Inner Cities Diego Garro

“An inner city (area) is the central part of a city where people live and where there are often problems because of lack of jobs, bad houses and poverty”. (Cambridge International Dictionary of English, 2000)

In summer 2001, the British government introduced a policy that allowed the police to impose a curfew for children under sixteen in areas at high concentration of criminal activity. On one hand, the measure was supposed to protect children from the danger and the blandishments of older teenagers and adults already involved in violence and illicit activity. On the other hand, many felt it met the concerns of those citizens who felt their neighbourhoods needed protection from the children’s own violence and felony.

I could not decide which of the two side of the story was the gloomiest. Apparently, somebody always gets forgotten. Something is always overlooked.
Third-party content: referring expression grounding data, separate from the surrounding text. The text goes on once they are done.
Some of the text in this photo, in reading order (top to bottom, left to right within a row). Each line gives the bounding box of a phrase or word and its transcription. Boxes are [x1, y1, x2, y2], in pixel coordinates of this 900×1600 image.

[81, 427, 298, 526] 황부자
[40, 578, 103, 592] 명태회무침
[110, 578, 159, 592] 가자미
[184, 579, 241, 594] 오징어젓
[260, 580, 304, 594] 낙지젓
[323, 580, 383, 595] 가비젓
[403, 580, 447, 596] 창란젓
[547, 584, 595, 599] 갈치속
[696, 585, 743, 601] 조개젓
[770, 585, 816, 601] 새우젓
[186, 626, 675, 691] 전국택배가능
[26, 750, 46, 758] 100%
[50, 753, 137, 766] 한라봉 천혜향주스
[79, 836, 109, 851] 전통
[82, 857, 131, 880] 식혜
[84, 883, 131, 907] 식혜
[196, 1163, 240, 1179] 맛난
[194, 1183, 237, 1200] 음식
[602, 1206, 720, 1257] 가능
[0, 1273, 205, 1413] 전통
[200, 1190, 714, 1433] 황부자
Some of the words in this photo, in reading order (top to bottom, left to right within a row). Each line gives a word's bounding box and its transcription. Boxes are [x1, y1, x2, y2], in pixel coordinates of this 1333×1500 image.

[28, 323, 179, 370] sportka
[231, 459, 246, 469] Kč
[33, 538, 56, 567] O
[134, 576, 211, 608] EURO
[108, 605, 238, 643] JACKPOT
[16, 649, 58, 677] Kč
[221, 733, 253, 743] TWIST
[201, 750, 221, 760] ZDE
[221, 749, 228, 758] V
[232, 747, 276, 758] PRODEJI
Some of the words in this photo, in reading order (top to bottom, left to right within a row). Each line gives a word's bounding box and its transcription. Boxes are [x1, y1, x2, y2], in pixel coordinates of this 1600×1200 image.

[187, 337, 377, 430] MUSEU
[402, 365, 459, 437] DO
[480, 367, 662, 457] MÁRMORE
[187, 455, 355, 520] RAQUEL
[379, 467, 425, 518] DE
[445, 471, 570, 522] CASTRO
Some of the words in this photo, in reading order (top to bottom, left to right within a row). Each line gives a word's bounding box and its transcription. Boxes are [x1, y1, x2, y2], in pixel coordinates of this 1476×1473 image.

Governments take targeted actions, but each time something is left out of the bigger equation. Cosmetic measures leave the structure unstable, and the contradictions keep on showing: sometimes it is the cry for help coming from continents far away. Sometimes it is the misery of barren streets, a few bus-stops further down from the glittering shopping mall.

Inner Cities resonates with the echo of sounds bouncing on the asphalt of the street and the concrete of the buildings where the curfew-children grow up; places among the ugliest on earth, where innocence fights a battle that seems lost from the start. The music stems from and grows into simple anecdotes and distant atmospheres from daily urban life. The discourse follows recollections of my own childhood, sounds and voices heard from the courtyards of the housing estate where I grew up, the struggle of the people who were able to imagine a better future, and the blank look of those who dreamt no more.

  • Year of composition: 2001
  • Hardware used: Windows PCs and Macintosh computers, with digital audio soundcards. MIDI controller keyboards. MIDI synthesisers. Digital samplers. Stereo microphones and portable digital recorders.
  • Software used: Sound synthesis and processing software: C-Sound, Composers’ Desktop Project, U&I Software MetaSynth, GRM Tools plug-ins. Audio multi-track: Digidesign ProTools, Adobe Audition (former Syntrillium Cool Edit Pro). Audio editors: Adobe Audition (former Syntrillium Cool Edit Pro), Bias Peak. MIDI sequencer: Steinberg Cubase.